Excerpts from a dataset
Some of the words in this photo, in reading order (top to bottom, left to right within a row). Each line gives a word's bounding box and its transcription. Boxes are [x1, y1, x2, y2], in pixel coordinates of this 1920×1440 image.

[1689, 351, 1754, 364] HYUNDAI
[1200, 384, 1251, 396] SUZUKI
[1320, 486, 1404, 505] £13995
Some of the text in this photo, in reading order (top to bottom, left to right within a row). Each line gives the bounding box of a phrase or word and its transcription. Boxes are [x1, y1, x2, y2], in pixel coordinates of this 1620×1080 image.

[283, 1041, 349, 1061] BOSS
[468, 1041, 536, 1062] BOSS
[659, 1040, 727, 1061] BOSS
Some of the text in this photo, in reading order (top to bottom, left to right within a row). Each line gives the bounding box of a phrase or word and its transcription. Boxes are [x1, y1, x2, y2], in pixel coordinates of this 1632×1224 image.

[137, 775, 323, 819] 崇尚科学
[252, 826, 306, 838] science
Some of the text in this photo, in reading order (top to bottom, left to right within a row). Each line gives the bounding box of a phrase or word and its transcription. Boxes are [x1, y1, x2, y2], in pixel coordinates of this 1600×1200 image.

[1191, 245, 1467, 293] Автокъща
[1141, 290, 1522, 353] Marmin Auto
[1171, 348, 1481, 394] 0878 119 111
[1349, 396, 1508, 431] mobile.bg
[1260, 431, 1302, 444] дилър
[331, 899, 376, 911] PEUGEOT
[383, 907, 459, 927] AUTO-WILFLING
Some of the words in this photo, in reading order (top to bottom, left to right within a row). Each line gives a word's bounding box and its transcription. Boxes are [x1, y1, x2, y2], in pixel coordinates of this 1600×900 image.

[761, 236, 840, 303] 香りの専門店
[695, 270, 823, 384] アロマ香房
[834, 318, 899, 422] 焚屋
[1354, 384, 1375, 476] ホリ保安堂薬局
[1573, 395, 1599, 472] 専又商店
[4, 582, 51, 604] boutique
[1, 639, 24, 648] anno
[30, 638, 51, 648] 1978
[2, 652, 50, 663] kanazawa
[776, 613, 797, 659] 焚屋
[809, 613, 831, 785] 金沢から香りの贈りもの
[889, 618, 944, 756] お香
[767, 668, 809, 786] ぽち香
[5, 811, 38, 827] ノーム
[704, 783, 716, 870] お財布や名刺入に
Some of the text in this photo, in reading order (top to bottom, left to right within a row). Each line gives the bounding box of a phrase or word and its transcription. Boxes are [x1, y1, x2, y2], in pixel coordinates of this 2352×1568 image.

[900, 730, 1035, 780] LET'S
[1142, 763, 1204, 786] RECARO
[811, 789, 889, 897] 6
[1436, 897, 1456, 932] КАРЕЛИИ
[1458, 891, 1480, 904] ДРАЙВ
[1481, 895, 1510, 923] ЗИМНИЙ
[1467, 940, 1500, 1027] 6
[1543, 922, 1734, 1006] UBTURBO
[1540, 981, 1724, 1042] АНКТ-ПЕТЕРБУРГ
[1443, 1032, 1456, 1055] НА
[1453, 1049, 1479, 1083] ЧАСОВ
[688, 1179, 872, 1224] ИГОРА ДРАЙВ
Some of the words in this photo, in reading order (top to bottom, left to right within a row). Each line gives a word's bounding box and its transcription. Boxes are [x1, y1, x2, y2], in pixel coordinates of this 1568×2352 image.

- Exercise -
Repeat all of the entries above exactly.

- Response to this task -
Some of the words in this photo, in reading order (top to bottom, left to right within a row). Each line gives a word's bounding box and its transcription. Boxes are [x1, y1, x2, y2], in pixel coordinates of this 1920×1440 image.

[1689, 351, 1754, 364] HYUNDAI
[1200, 384, 1251, 396] SUZUKI
[1320, 486, 1404, 505] £13995
Some of the text in this photo, in reading order (top to bottom, left to right within a row). Each line gives the bounding box of a phrase or word and its transcription. Boxes are [x1, y1, x2, y2], in pixel coordinates of this 1620×1080 image.

[283, 1041, 349, 1061] BOSS
[468, 1041, 536, 1062] BOSS
[659, 1040, 727, 1061] BOSS
Some of the text in this photo, in reading order (top to bottom, left to right within a row). Each line gives the bounding box of a phrase or word and its transcription. Boxes are [x1, y1, x2, y2], in pixel coordinates of this 1632×1224 image.

[137, 775, 323, 819] 崇尚科学
[252, 826, 306, 838] science
Some of the text in this photo, in reading order (top to bottom, left to right within a row). Each line gives the bounding box of a phrase or word and its transcription. Boxes are [x1, y1, x2, y2], in pixel coordinates of this 1600×1200 image.

[1191, 245, 1467, 293] Автокъща
[1141, 290, 1522, 353] Marmin Auto
[1171, 348, 1481, 394] 0878 119 111
[1349, 396, 1508, 431] mobile.bg
[1260, 431, 1302, 444] дилър
[331, 899, 376, 911] PEUGEOT
[383, 907, 459, 927] AUTO-WILFLING
Some of the words in this photo, in reading order (top to bottom, left to right within a row). Each line gives a word's bounding box and its transcription. Boxes are [x1, y1, x2, y2], in pixel coordinates of this 1600×900 image.

[761, 236, 840, 303] 香りの専門店
[695, 270, 823, 384] アロマ香房
[834, 318, 899, 422] 焚屋
[1354, 384, 1375, 476] ホリ保安堂薬局
[1573, 395, 1599, 472] 専又商店
[4, 582, 51, 604] boutique
[1, 639, 24, 648] anno
[30, 638, 51, 648] 1978
[2, 652, 50, 663] kanazawa
[776, 613, 797, 659] 焚屋
[809, 613, 831, 785] 金沢から香りの贈りもの
[889, 618, 944, 756] お香
[767, 668, 809, 786] ぽち香
[5, 811, 38, 827] ノーム
[704, 783, 716, 870] お財布や名刺入に
Some of the text in this photo, in reading order (top to bottom, left to right within a row). Each line gives the bounding box of a phrase or word and its transcription. Boxes are [x1, y1, x2, y2], in pixel coordinates of this 2352×1568 image.

[900, 730, 1035, 780] LET'S
[1142, 763, 1204, 786] RECARO
[811, 789, 889, 897] 6
[1436, 897, 1456, 932] КАРЕЛИИ
[1458, 891, 1480, 904] ДРАЙВ
[1481, 895, 1510, 923] ЗИМНИЙ
[1467, 940, 1500, 1027] 6
[1543, 922, 1734, 1006] UBTURBO
[1540, 981, 1724, 1042] АНКТ-ПЕТЕРБУРГ
[1443, 1032, 1456, 1055] НА
[1453, 1049, 1479, 1083] ЧАСОВ
[688, 1179, 872, 1224] ИГОРА ДРАЙВ
Some of the words in this photo, in reading order (top to bottom, left to right within a row). Each line gives a word's bounding box and its transcription. Boxes are [x1, y1, x2, y2], in pixel coordinates of this 1568×2352 image.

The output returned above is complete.